## DIRECTIONS
All of the data below should be printed again word for word, pictures excluded.

## DATASET EXTRACT
# # # #

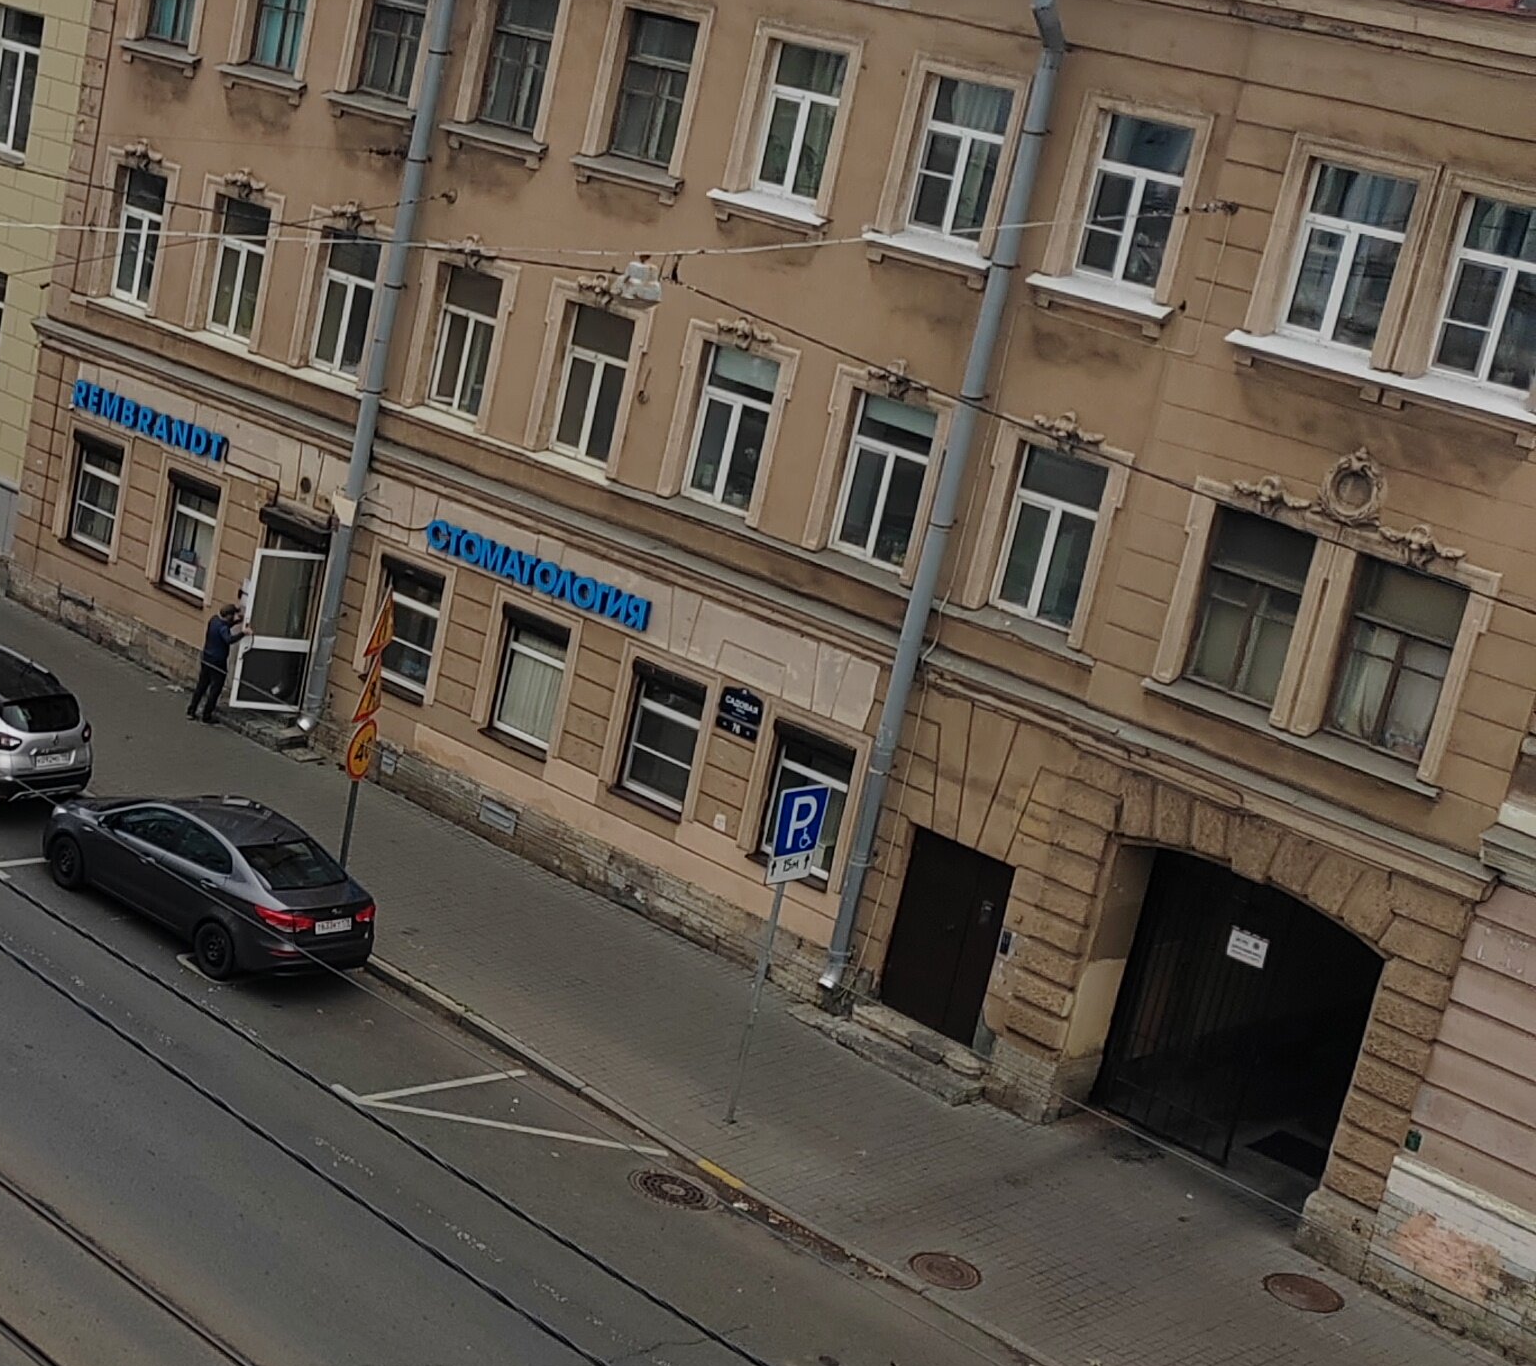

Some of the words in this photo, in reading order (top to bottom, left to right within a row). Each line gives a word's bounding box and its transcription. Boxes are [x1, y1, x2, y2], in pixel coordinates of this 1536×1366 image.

[73, 379, 225, 462] REMBRANDT
[426, 519, 652, 633] СТОМАТОЛОГИЯ
[785, 795, 818, 849] P
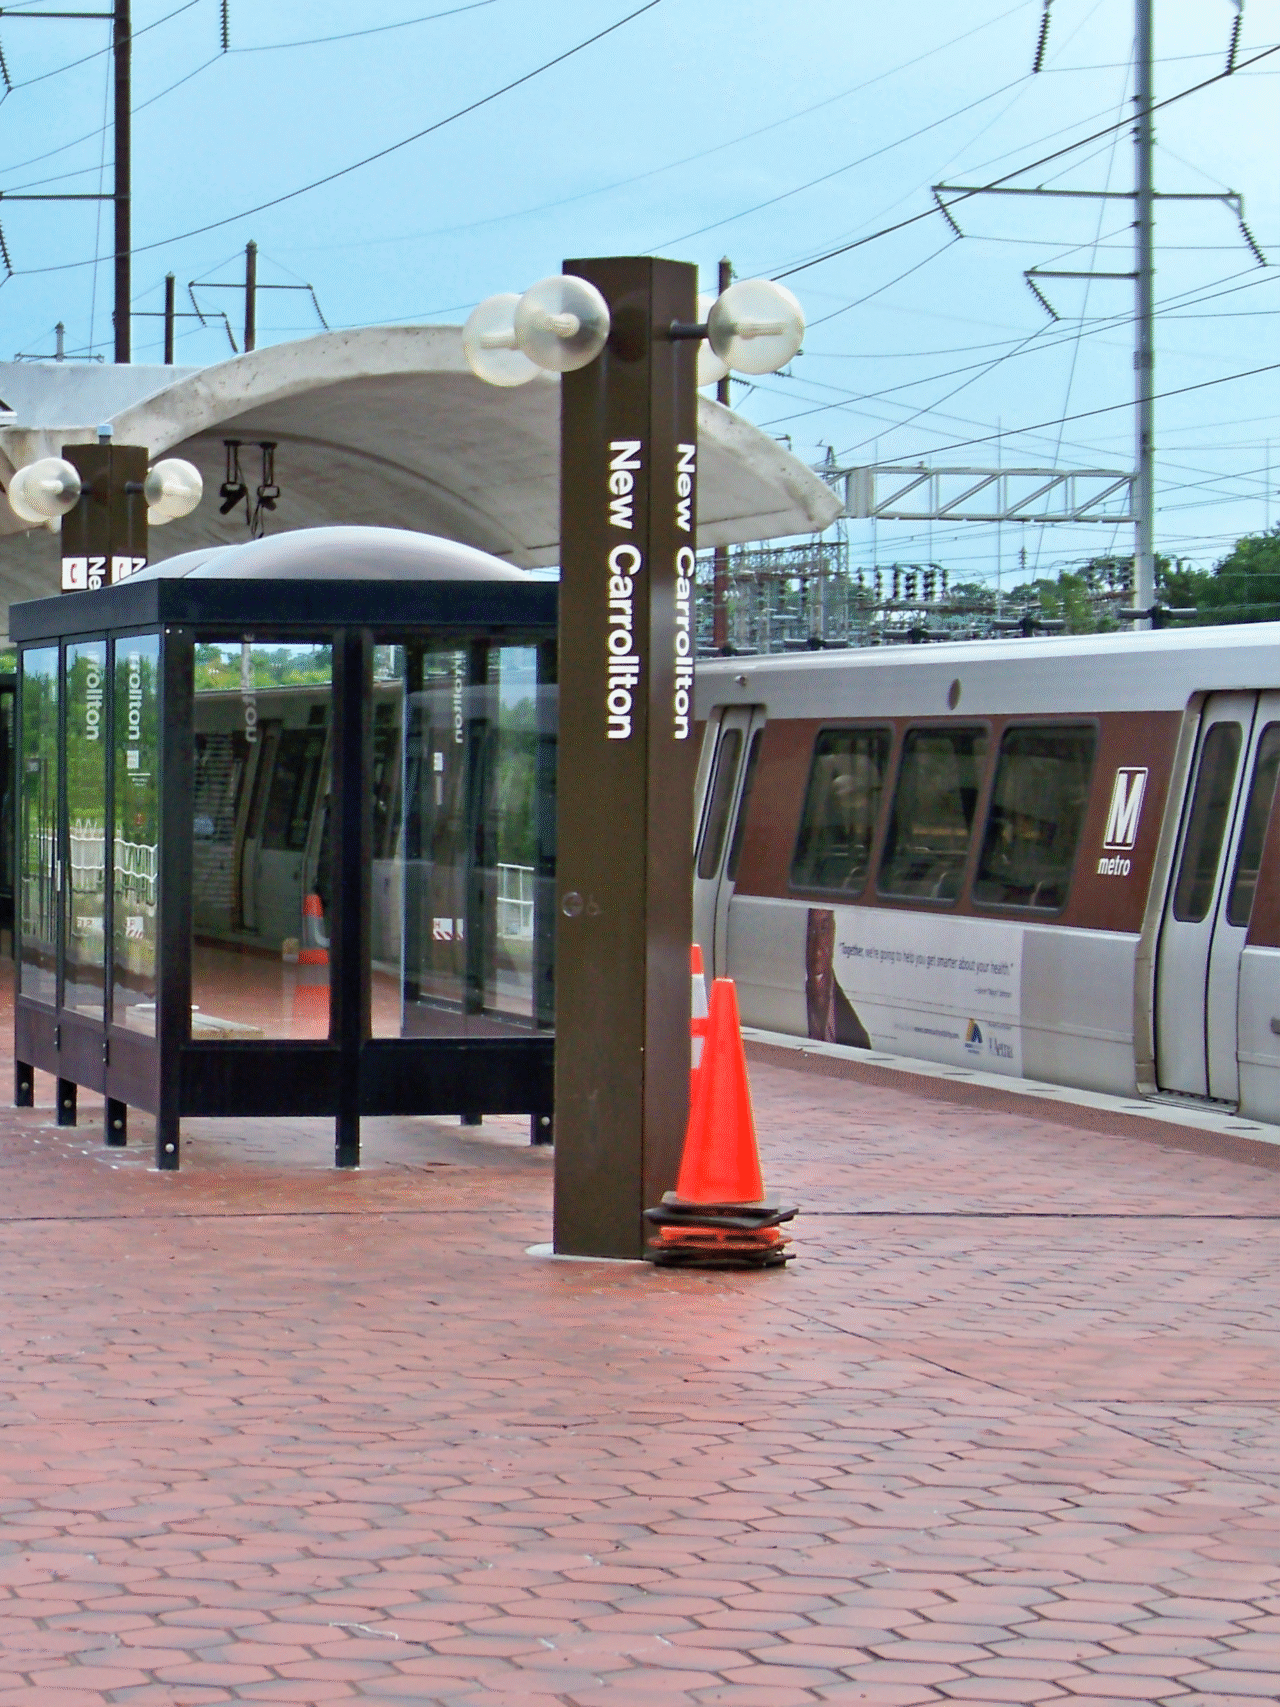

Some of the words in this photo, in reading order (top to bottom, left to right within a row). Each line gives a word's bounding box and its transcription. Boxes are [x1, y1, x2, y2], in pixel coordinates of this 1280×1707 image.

[609, 440, 641, 529] New
[676, 443, 696, 532] New
[88, 556, 106, 590] Ne
[607, 544, 641, 739] Carrollton
[674, 546, 695, 740] Carrollton
[1105, 771, 1146, 845] M
[1097, 855, 1131, 876] metro

# # # #

## SOLUTION TO THE PROBLEM
Some of the words in this photo, in reading order (top to bottom, left to right within a row). Each line gives a word's bounding box and its transcription. Boxes are [x1, y1, x2, y2], in pixel coordinates of this 1536×1366 image.

[73, 379, 225, 462] REMBRANDT
[426, 519, 652, 633] СТОМАТОЛОГИЯ
[785, 795, 818, 849] P

Some of the words in this photo, in reading order (top to bottom, left to right within a row). Each line gives a word's bounding box and its transcription. Boxes are [x1, y1, x2, y2], in pixel coordinates of this 1280×1707 image.

[609, 440, 641, 529] New
[676, 443, 696, 532] New
[88, 556, 106, 590] Ne
[607, 544, 641, 739] Carrollton
[674, 546, 695, 740] Carrollton
[1105, 771, 1146, 845] M
[1097, 855, 1131, 876] metro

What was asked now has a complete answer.